Signature verification is real, not decorative. For HS256 tokens, paste the shared secret and the tool imports it as an HMAC-SHA256 key via WebCrypto's crypto.subtle, then verifies the signature over the exact header.payloadstring. A green badge means the token is authentic and untampered for that secret; a red one means the secret is wrong or the token was modified. Asymmetric algorithms like RS256 require the issuer's public key, so those tokens decode fully but are honestly labeled as not verified locally.
The prefilled sample token is signed with the literal secret secret so you can watch verification succeed, then break it: change one payload character and see the signature check fail. That exercise — observing that any modification invalidates the signature while the payload remains readable to everyone — is the fastest way to internalize what JWTs do and do not protect.

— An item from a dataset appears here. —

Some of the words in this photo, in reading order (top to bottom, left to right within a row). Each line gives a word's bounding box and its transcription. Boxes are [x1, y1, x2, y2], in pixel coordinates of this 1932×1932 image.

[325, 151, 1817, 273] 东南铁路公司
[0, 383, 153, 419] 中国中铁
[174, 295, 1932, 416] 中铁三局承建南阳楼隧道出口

They guarantee integrity and authenticity, never confidentiality — encryption of claims requires JWE, a related but distinct standard that wraps the payload in an encrypted envelope instead of merely signing it.
Frequently asked questions
Is this safer than pasting my token into jwt.io?

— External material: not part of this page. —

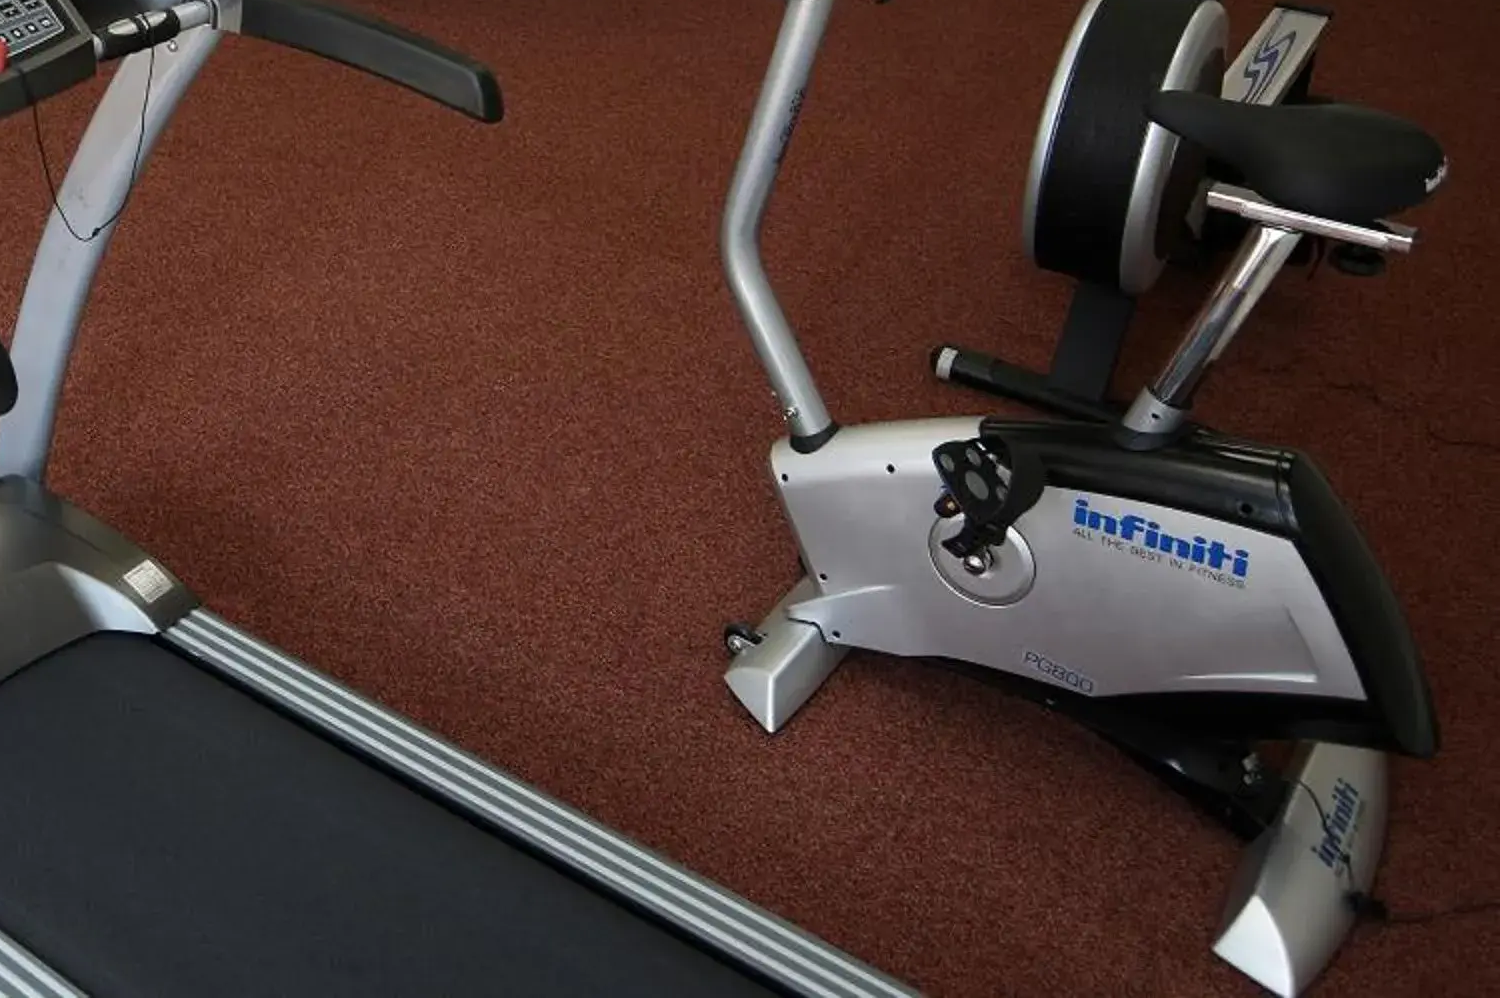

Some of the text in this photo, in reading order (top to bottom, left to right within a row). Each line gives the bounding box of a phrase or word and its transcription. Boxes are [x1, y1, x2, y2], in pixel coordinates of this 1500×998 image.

Yes, in the sense that nothing here ever leaves your machine. Decoding and HS256 verification both run locally — base64url decoding in plain JavaScript and HMAC verification via the WebCrypto API built into your browser. You can confirm in devtools that typing or pasting produces zero network requests. Production tokens are still credentials: prefer pasting expired or test tokens when you can.
Can it verify HS256 and RS256 signatures?
HS256 is verified fully in your browser: paste the shared secret and WebCrypto recomputes the HMAC-SHA256 over header.payload and compares it to the signature. RS256 and other asymmetric algorithms need the issuer's public key (usually fetched from a JWKS endpoint), which would require a network call — so this tool decodes RS256 tokens but marks the signature as not verified locally rather than pretending.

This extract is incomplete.